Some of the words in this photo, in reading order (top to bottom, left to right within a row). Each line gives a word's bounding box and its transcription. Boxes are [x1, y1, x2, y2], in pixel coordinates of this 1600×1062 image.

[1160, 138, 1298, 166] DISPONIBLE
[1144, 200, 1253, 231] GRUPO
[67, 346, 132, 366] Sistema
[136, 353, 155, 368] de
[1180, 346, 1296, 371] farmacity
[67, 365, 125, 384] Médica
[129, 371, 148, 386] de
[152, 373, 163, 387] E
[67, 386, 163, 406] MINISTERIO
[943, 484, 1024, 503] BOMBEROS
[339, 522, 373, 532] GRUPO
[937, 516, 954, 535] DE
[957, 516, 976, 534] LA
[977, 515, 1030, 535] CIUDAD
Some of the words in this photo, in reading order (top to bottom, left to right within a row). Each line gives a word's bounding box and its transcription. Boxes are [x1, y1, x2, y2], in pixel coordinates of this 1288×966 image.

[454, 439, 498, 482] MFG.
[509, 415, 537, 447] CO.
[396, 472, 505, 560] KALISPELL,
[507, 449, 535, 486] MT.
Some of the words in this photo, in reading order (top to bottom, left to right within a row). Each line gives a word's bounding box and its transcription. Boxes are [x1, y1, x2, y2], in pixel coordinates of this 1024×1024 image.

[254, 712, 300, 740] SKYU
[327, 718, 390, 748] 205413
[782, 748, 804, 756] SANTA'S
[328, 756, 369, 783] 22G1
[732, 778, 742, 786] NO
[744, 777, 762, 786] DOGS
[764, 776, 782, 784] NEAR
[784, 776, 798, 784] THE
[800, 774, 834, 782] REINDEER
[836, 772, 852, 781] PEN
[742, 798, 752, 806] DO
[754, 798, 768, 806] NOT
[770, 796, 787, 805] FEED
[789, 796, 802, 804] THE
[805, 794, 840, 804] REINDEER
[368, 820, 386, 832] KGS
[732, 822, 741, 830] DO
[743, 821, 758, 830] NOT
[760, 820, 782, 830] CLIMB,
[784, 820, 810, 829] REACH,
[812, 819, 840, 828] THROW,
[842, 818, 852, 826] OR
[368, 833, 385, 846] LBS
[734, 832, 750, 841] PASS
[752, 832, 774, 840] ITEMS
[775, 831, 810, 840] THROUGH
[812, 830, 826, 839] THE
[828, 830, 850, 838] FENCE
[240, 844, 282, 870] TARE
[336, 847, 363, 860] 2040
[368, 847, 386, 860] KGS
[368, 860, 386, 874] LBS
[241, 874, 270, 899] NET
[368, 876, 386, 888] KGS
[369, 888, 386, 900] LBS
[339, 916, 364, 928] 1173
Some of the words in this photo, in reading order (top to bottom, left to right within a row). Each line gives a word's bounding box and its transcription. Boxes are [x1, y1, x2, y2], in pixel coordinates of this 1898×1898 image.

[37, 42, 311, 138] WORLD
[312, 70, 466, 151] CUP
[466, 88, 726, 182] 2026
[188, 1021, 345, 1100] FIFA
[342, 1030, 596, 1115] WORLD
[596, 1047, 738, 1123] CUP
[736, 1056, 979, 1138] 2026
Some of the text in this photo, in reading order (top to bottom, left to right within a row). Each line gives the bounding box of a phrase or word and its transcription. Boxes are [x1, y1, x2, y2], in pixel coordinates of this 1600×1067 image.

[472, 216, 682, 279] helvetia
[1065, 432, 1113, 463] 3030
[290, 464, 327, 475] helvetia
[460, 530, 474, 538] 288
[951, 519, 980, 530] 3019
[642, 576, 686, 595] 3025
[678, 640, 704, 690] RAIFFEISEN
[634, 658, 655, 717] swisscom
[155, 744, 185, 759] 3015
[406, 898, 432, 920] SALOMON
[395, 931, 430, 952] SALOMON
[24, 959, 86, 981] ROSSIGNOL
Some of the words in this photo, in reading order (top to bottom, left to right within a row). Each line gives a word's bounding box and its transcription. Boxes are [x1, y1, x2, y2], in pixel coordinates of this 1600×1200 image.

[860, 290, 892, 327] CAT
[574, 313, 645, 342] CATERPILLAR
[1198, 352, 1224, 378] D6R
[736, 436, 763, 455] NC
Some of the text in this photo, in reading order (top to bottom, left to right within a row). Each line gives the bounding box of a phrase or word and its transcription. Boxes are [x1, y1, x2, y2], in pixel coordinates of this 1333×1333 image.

■ ■ ■ ■ ■

▸ YOUR GOAL
Set down, exactly and only, the lines running from the one holding "this 1600×1200 image." through the end of the records above, both ends included.

▸ OUTPUT OF THE EXERCISE
Some of the words in this photo, in reading order (top to bottom, left to right within a row). Each line gives a word's bounding box and its transcription. Boxes are [x1, y1, x2, y2], in pixel coordinates of this 1600×1200 image.

[860, 290, 892, 327] CAT
[574, 313, 645, 342] CATERPILLAR
[1198, 352, 1224, 378] D6R
[736, 436, 763, 455] NC
Some of the text in this photo, in reading order (top to bottom, left to right within a row). Each line gives the bounding box of a phrase or word and its transcription. Boxes are [x1, y1, x2, y2], in pixel coordinates of this 1333×1333 image.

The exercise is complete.